[EXERCISE DIRECTIONS]
Your answer must be an exact transcription of the data, with every picture omitted.

(Stored data entries)
====
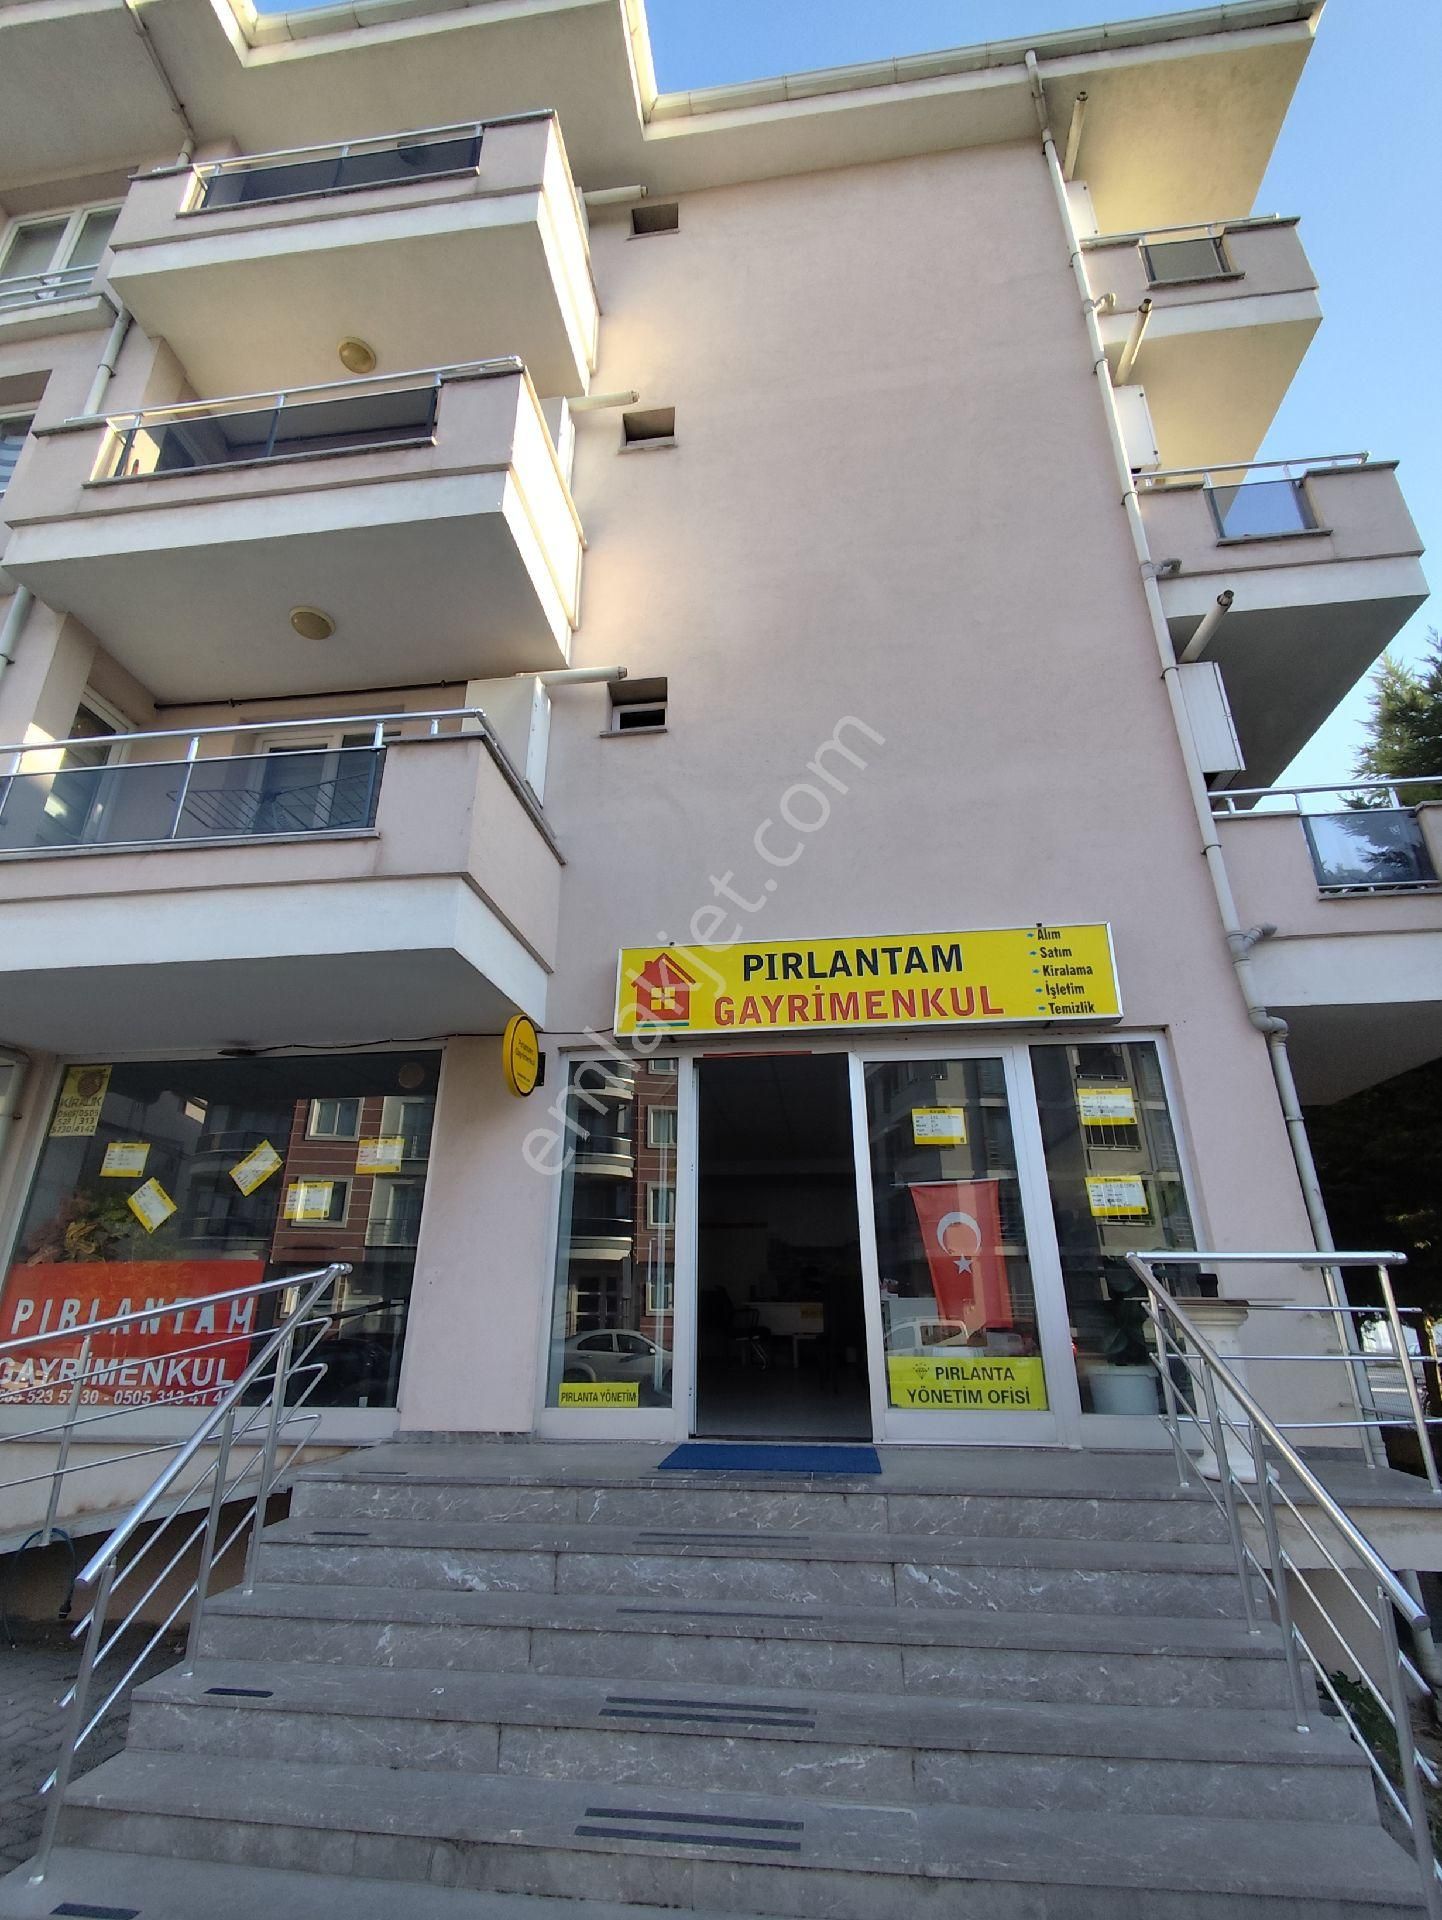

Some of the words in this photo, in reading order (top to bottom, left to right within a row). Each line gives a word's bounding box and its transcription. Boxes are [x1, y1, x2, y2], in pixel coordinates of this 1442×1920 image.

[1037, 928, 1061, 941] Alım
[1040, 946, 1072, 959] Satım
[743, 944, 963, 981] PIRLANTAM
[1042, 964, 1094, 977] Kiralama
[1045, 980, 1085, 1000] İşletim
[713, 985, 1004, 1025] GAYRİMENKUL
[1048, 1001, 1096, 1015] Temizlik
[935, 1366, 1015, 1381] PIRLANTA
[81, 1389, 99, 1405] 30
[114, 1389, 153, 1405] 0505
[561, 1391, 598, 1402] PIRLANTA
[600, 1388, 637, 1402] YÖNETİM
[907, 1385, 983, 1404] YÖNETİM
[988, 1386, 1031, 1405] OFİSİ
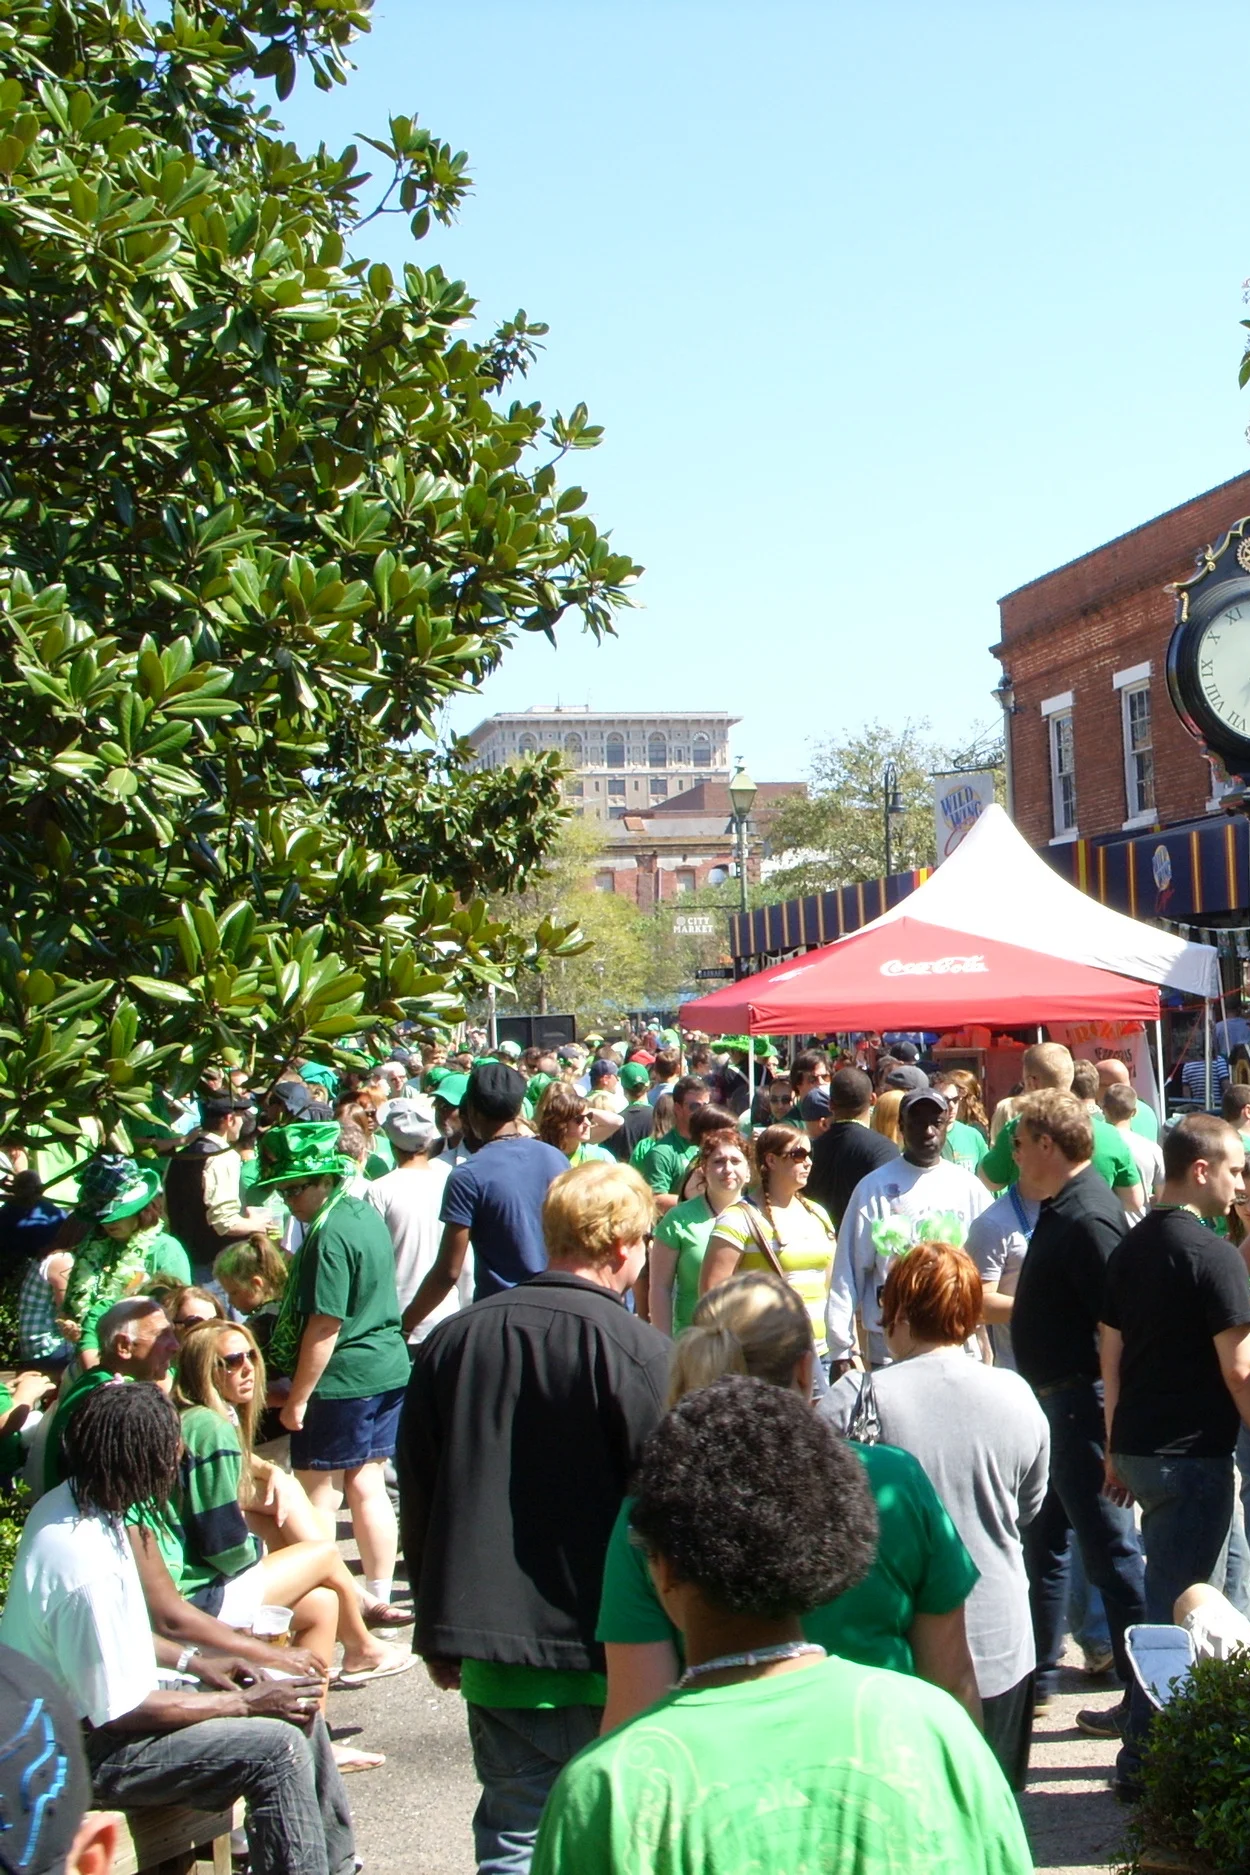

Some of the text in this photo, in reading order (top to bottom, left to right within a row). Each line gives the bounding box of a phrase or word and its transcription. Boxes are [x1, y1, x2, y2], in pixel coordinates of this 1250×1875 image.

[1224, 607, 1243, 625] XI
[1207, 630, 1221, 645] X
[1201, 659, 1213, 678] IX
[941, 786, 973, 816] WILD
[951, 801, 982, 828] WING
[673, 925, 713, 933] MARKET
[687, 917, 710, 925] CITY
====
[SOLUTION]
Some of the words in this photo, in reading order (top to bottom, left to right within a row). Each line gives a word's bounding box and its transcription. Boxes are [x1, y1, x2, y2], in pixel coordinates of this 1442×1920 image.

[1037, 928, 1061, 941] Alım
[1040, 946, 1072, 959] Satım
[743, 944, 963, 981] PIRLANTAM
[1042, 964, 1094, 977] Kiralama
[1045, 980, 1085, 1000] İşletim
[713, 985, 1004, 1025] GAYRİMENKUL
[1048, 1001, 1096, 1015] Temizlik
[935, 1366, 1015, 1381] PIRLANTA
[81, 1389, 99, 1405] 30
[114, 1389, 153, 1405] 0505
[561, 1391, 598, 1402] PIRLANTA
[600, 1388, 637, 1402] YÖNETİM
[907, 1385, 983, 1404] YÖNETİM
[988, 1386, 1031, 1405] OFİSİ

Some of the text in this photo, in reading order (top to bottom, left to right within a row). Each line gives the bounding box of a phrase or word and its transcription. Boxes are [x1, y1, x2, y2], in pixel coordinates of this 1250×1875 image.

[1224, 607, 1243, 625] XI
[1207, 630, 1221, 645] X
[1201, 659, 1213, 678] IX
[941, 786, 973, 816] WILD
[951, 801, 982, 828] WING
[673, 925, 713, 933] MARKET
[687, 917, 710, 925] CITY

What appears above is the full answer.